Kazı yerinde hummalı bir faaliyet sürüyordu. Yakındaki Nusayrî köylerinden seçilmiş yüzü aşkın amele, toprağı durmaksızın eşip bir tarafa yığıyorlardı. Avrupa’nın dört bir yanından gelmiş arkeoloji öğrencileri ise tepecikler oluşturmuş bu kumların tamamını elekten geçiriyor, büyük parçalardan kayda değer görünenleri numaralandırıp itinayla sıralıyorlardı. Daha kıdemli oldukları anlaşılanlar ise kazı katmanlarının başında kümelenmiş, henüz bilinmeyen bir antik eseri, mala ve fırça yardımıyla gün yüzüne çıkartmaya uğraşmaktaydılar.

Kazının başkanlığını yürüten Alman heyetinde görevli Nejat da, yüzeyden bir metre aşağıda ve henüz yatay hâlde bulunan büyükçe bir Fenike heykelini topraktan arındırmakla meşguldü.
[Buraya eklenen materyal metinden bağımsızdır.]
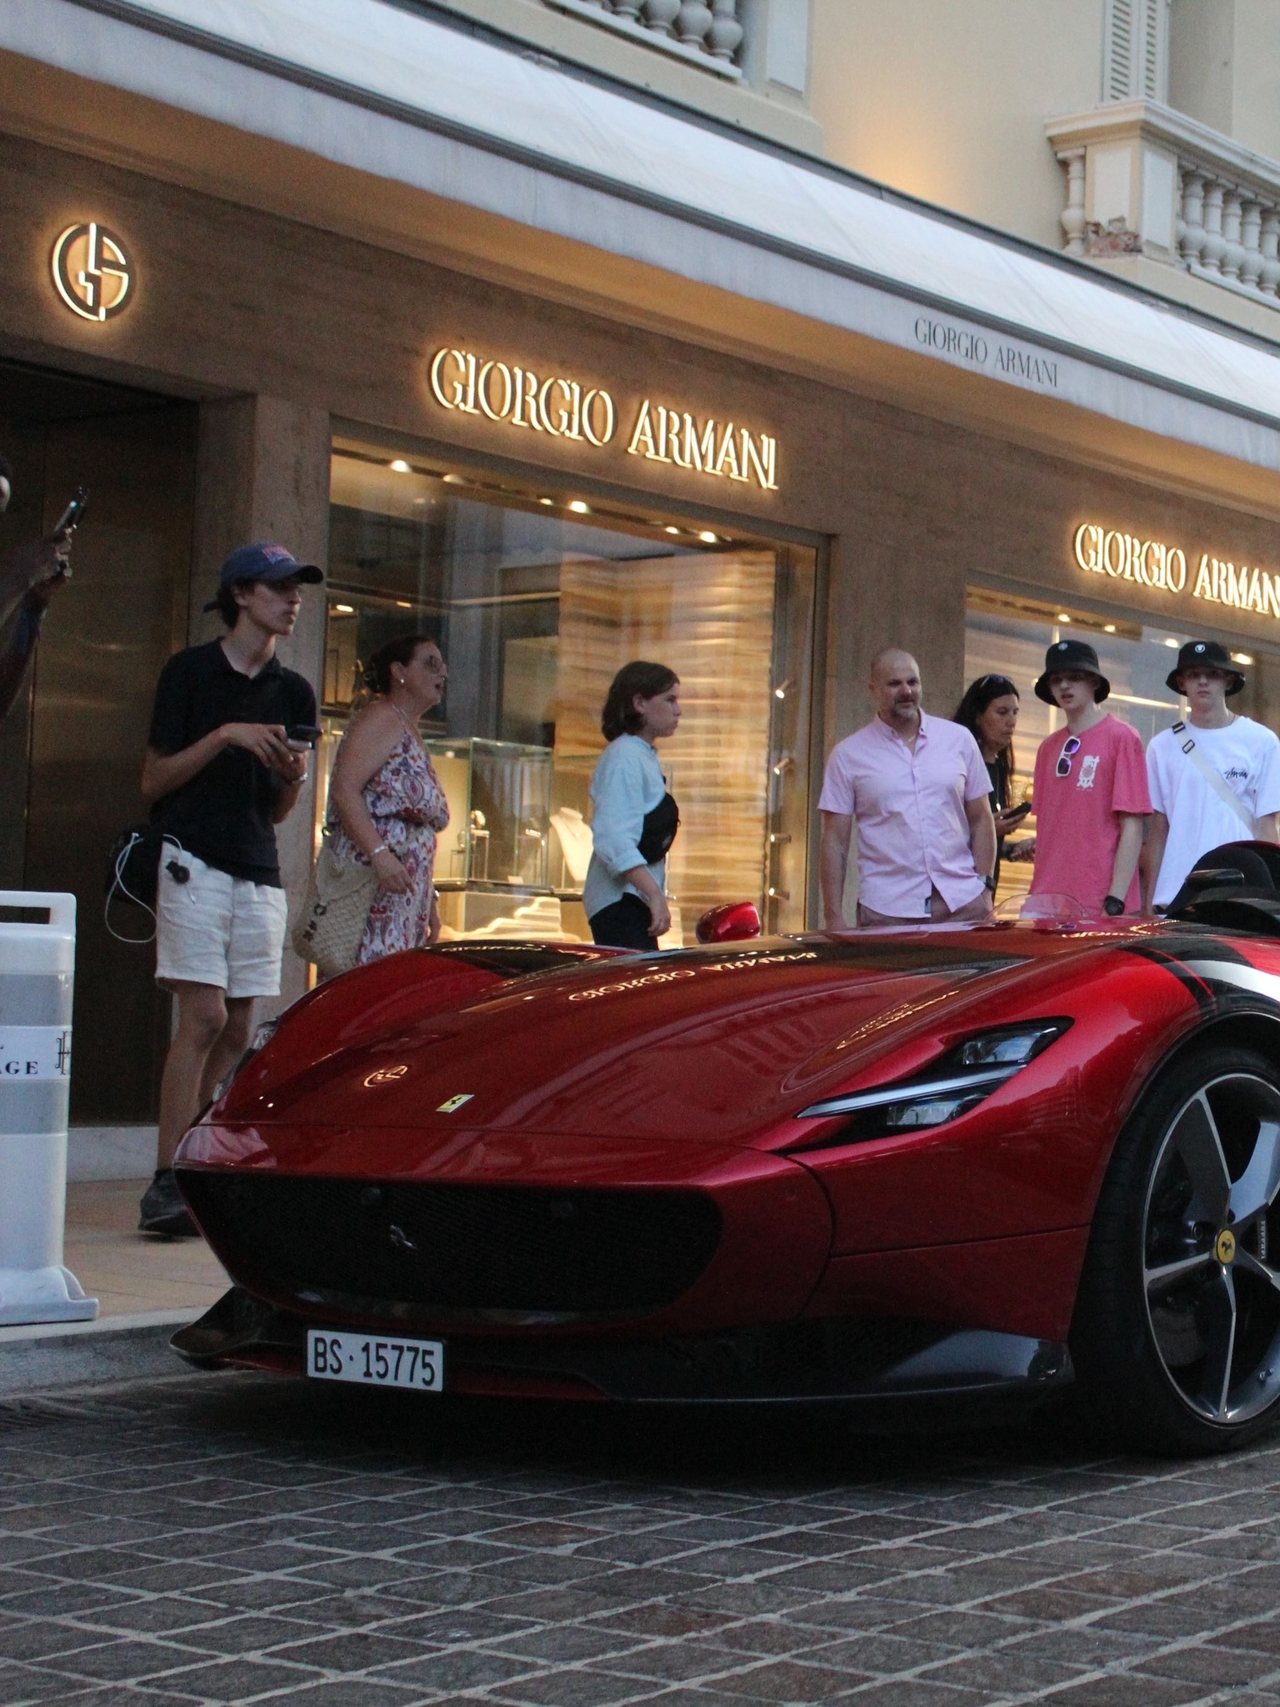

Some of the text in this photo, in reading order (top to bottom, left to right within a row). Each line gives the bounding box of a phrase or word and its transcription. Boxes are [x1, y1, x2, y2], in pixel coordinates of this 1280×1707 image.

Batı uygarlığının mihenk taşları kabul edilmiş pek çok medeniyetin izlerini barındıran Baalbek, bütün kazı bilimcilerin ve arkeolojiyi çok seven istihbarat servislerinin yeni gözdesiydi. Humus-Şam demiryolu hattı üzerinde bulunan bu antik kentte, Bâbıâli’den alınan izinle Almanların başlattığı kazı, on beş senedir devam ediyordu. British Museum da, basit bir izin prosedürü akabinde sahadaki yerini almıştı. Kazı etrafında, birçok devlete ait âsar-ı atîka enstitüleri tarafından kurulmuş kamplar, geçmişin gizemlerini çözmeye çalışan bilim insanlarından çok, geleceği şekillendirebilmek gayretindeki istihbarat servisi elemanlarıyla doluydu. Herkes birbirinin ne maksatla burada bulunduğunu biliyor, ancak diplomasi oyununun kuralları gereği olarak, görünürdeki vazife ile meşguliyet ihmal edilmiyordu.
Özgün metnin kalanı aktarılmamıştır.